» TASK ITEM: Leave the images out, and copy each of the records below exactly.

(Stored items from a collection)
+--

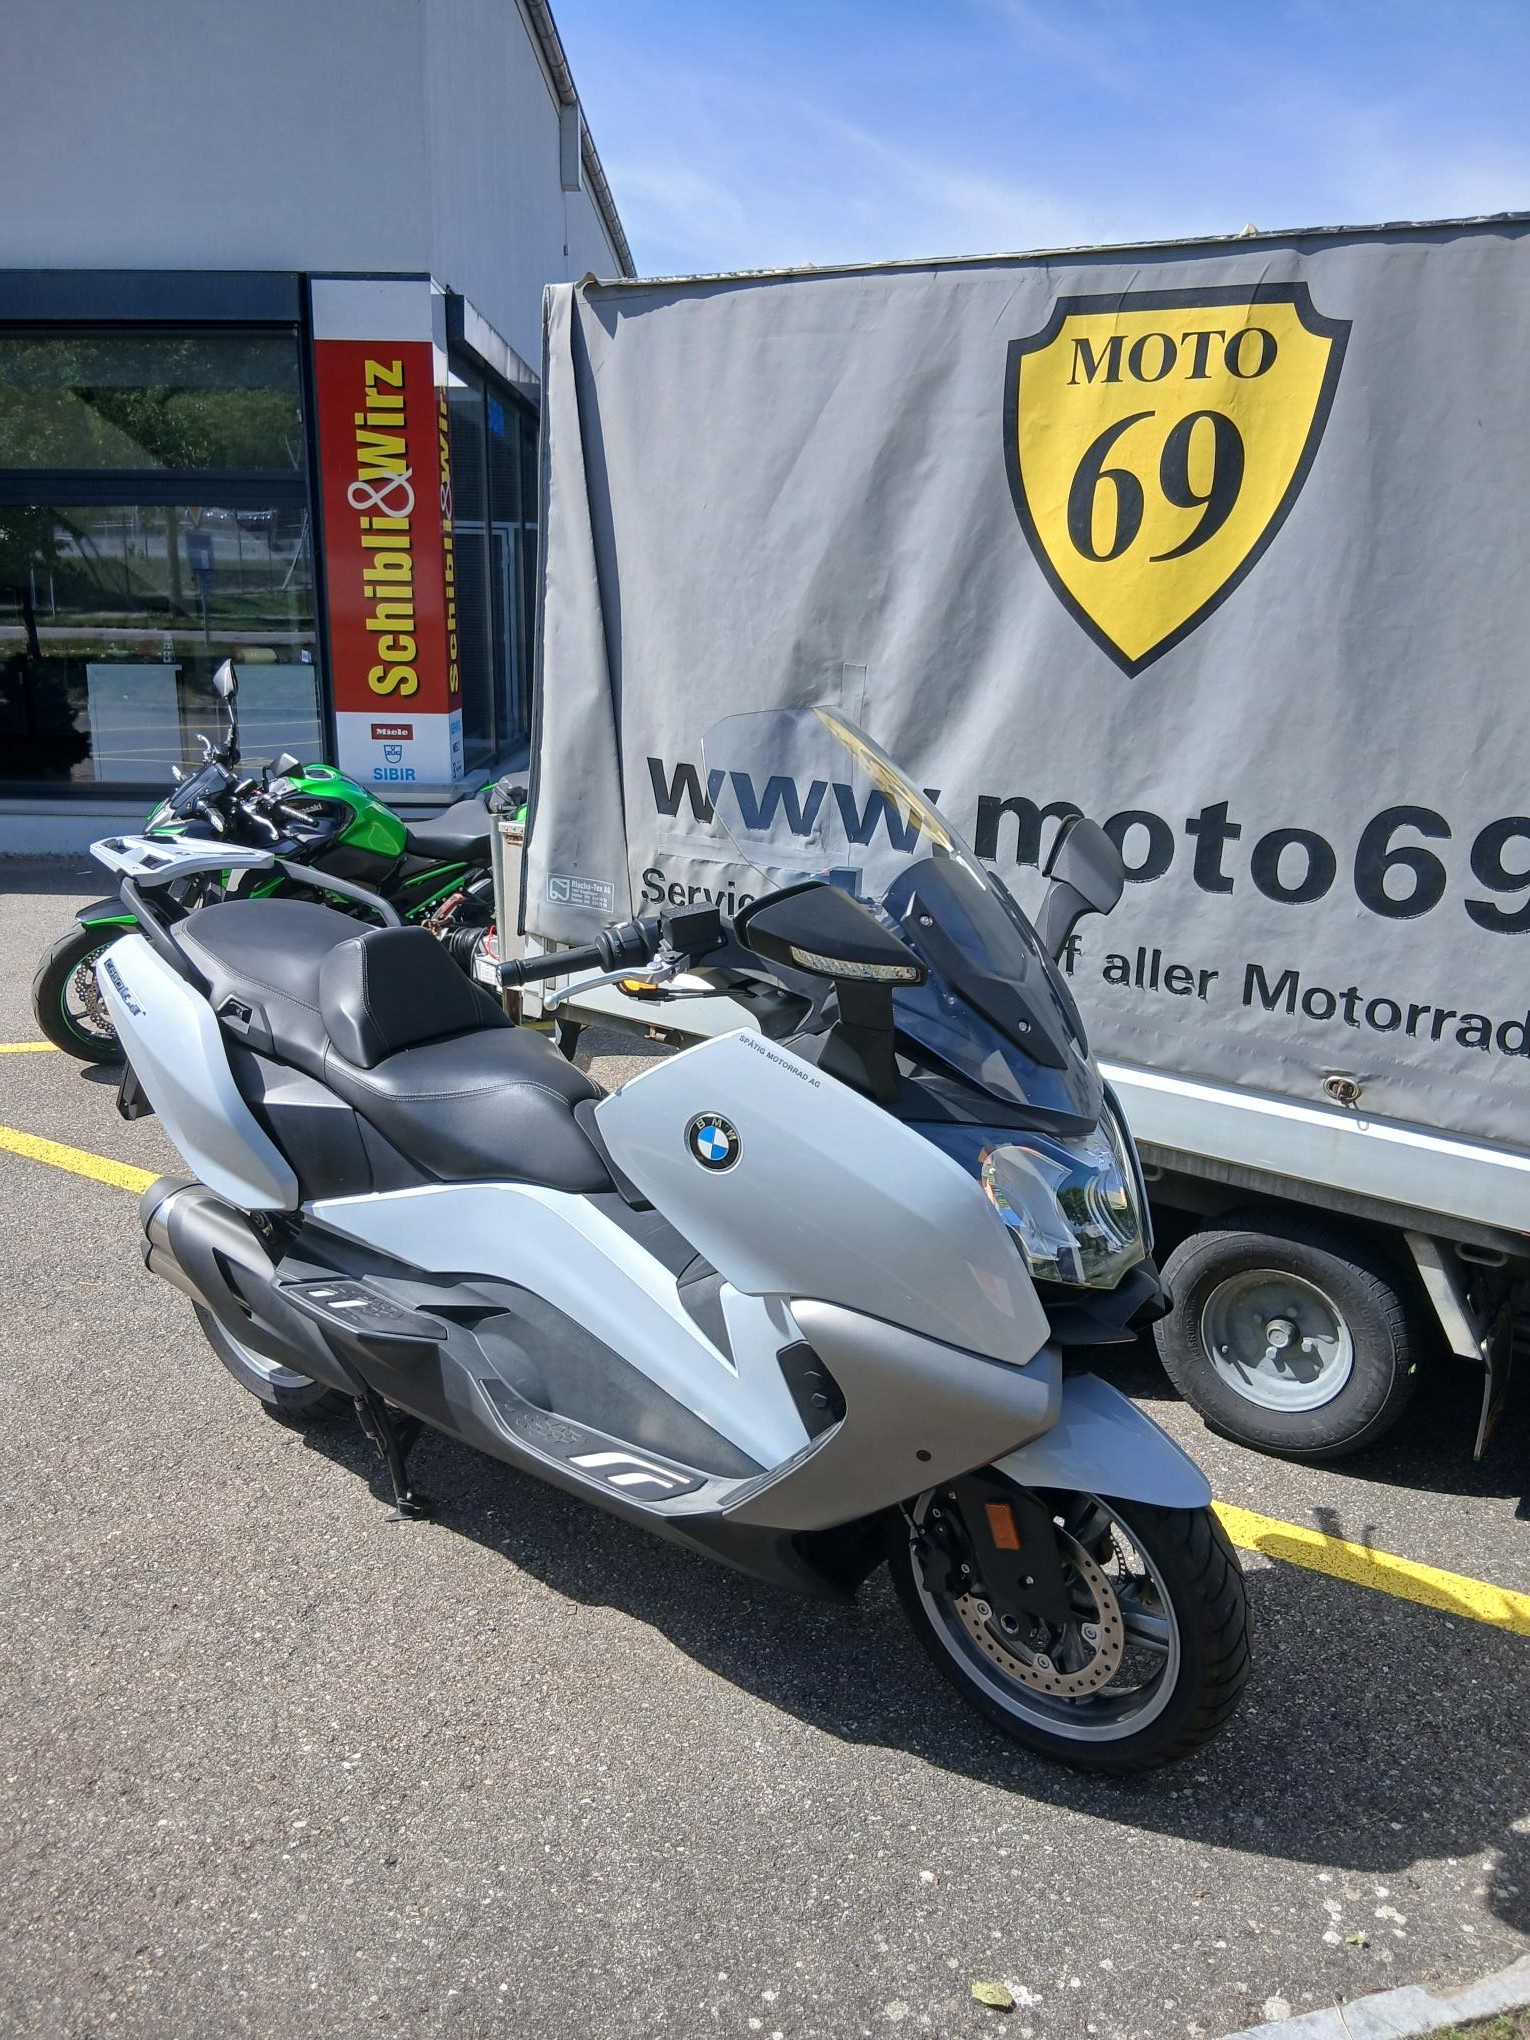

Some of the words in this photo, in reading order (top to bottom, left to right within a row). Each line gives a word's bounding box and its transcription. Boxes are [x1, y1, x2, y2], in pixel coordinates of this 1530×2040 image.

[1066, 326, 1278, 386] MOTO
[1066, 409, 1246, 563] 69
[347, 359, 418, 697] Schibli&Wirz
[373, 767, 415, 780] SIBIR
[1102, 946, 1219, 1001] aller
[766, 1051, 809, 1081] MOTORRAD
[808, 1077, 821, 1088] AG
[696, 1117, 737, 1141] BMW

+--

» RESULT OF THE EXERCISE:
Some of the words in this photo, in reading order (top to bottom, left to right within a row). Each line gives a word's bounding box and its transcription. Boxes are [x1, y1, x2, y2], in pixel coordinates of this 1530×2040 image.

[1066, 326, 1278, 386] MOTO
[1066, 409, 1246, 563] 69
[347, 359, 418, 697] Schibli&Wirz
[373, 767, 415, 780] SIBIR
[1102, 946, 1219, 1001] aller
[766, 1051, 809, 1081] MOTORRAD
[808, 1077, 821, 1088] AG
[696, 1117, 737, 1141] BMW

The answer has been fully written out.